(Text-to-region grounding data)
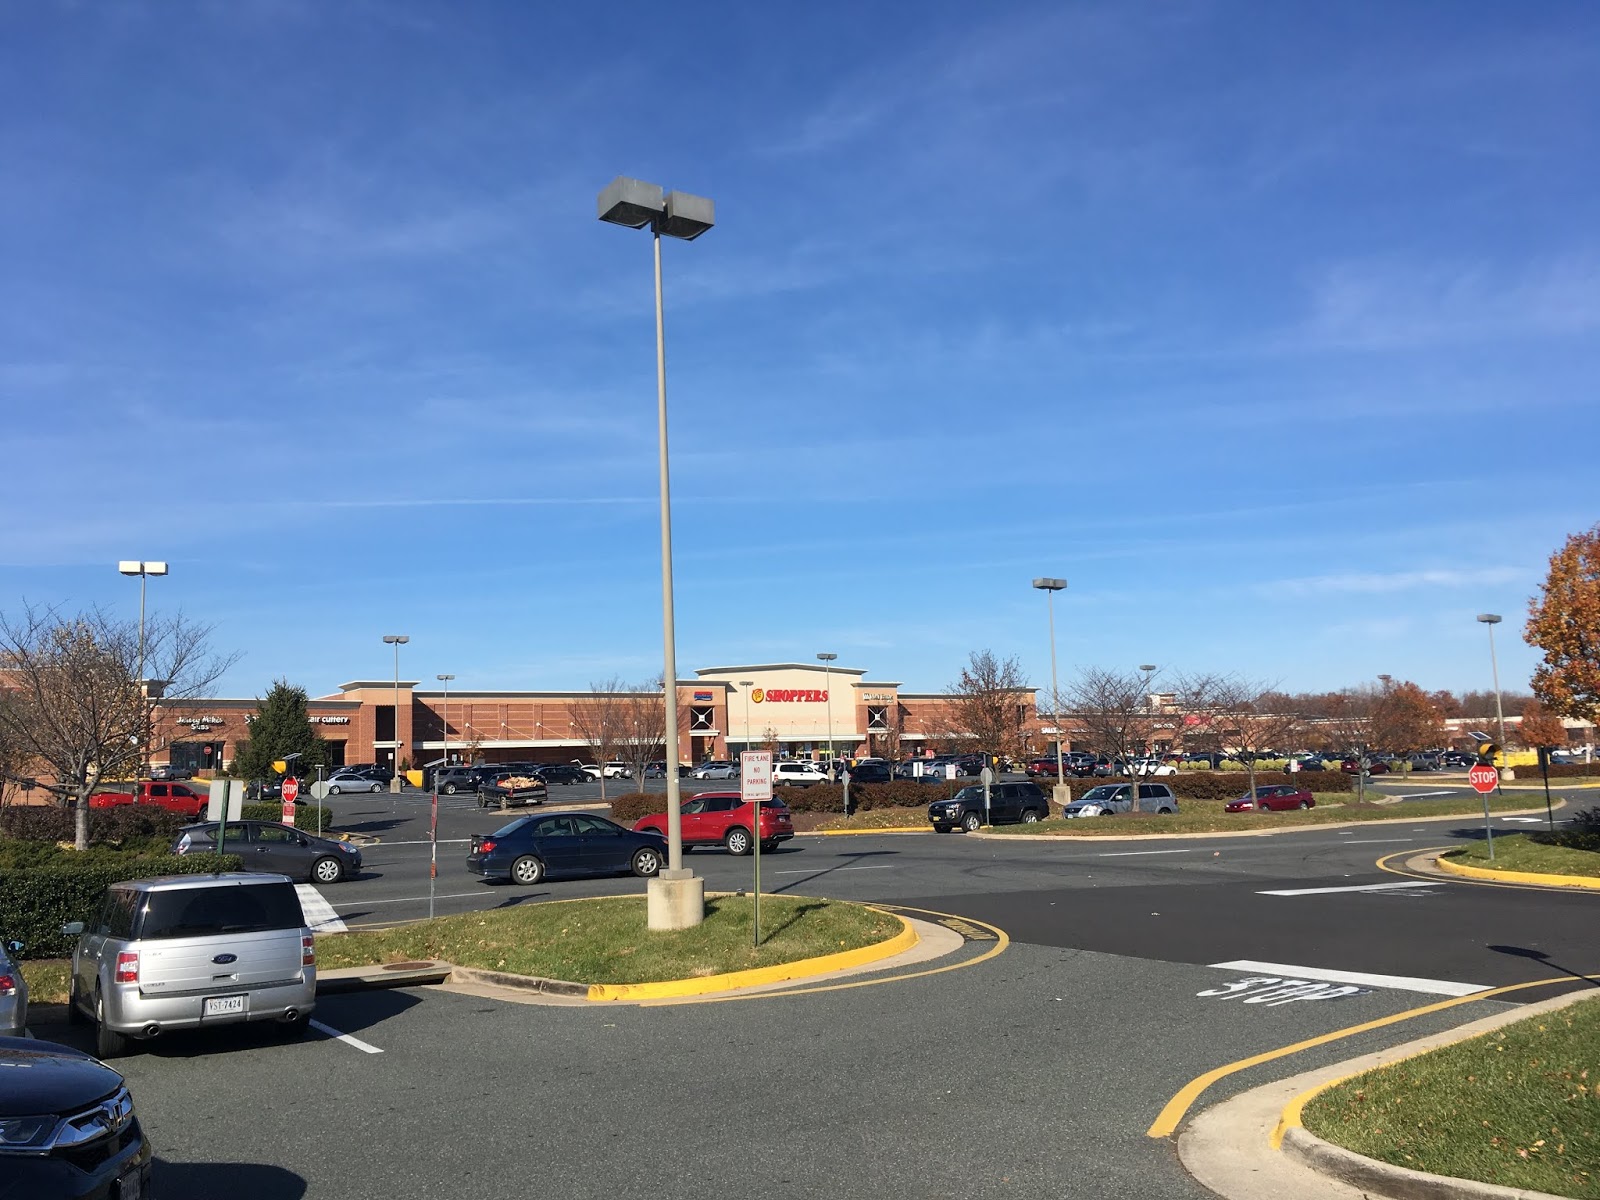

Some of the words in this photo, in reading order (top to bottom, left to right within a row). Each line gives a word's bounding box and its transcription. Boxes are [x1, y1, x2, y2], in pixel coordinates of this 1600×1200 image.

[765, 689, 829, 703] SHOPPERS
[321, 715, 349, 724] cuttery
[1471, 771, 1496, 784] STOP
[283, 784, 298, 795] STOP
[1196, 976, 1373, 1007] STOP
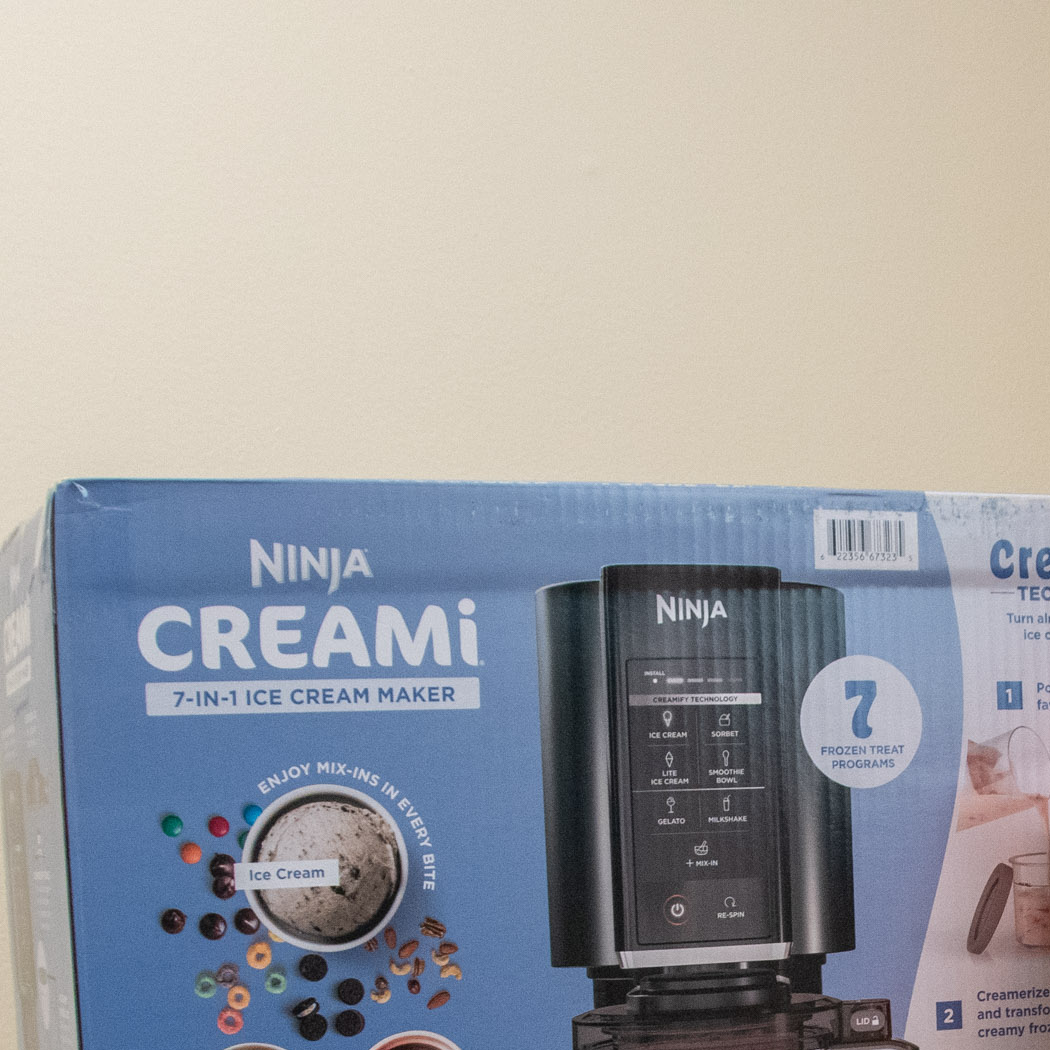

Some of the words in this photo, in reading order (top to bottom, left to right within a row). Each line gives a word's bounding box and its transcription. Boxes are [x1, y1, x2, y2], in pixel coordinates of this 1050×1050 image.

• [Work order]:
Give the data above again exactly. Leave the pictures out.

• [Response]:
Some of the words in this photo, in reading order (top to bottom, left to right within a row). Each line gives a word's bounding box and its transcription. Boxes are [x1, y1, x2, y2], in pixel coordinates of this 1600×1200 image.

[765, 689, 829, 703] SHOPPERS
[321, 715, 349, 724] cuttery
[1471, 771, 1496, 784] STOP
[283, 784, 298, 795] STOP
[1196, 976, 1373, 1007] STOP

Some of the words in this photo, in reading order (top to bottom, left to right within a row). Each line gives a word's bounding box and its transcription. Boxes are [x1, y1, x2, y2], in pixel coordinates of this 1050×1050 image.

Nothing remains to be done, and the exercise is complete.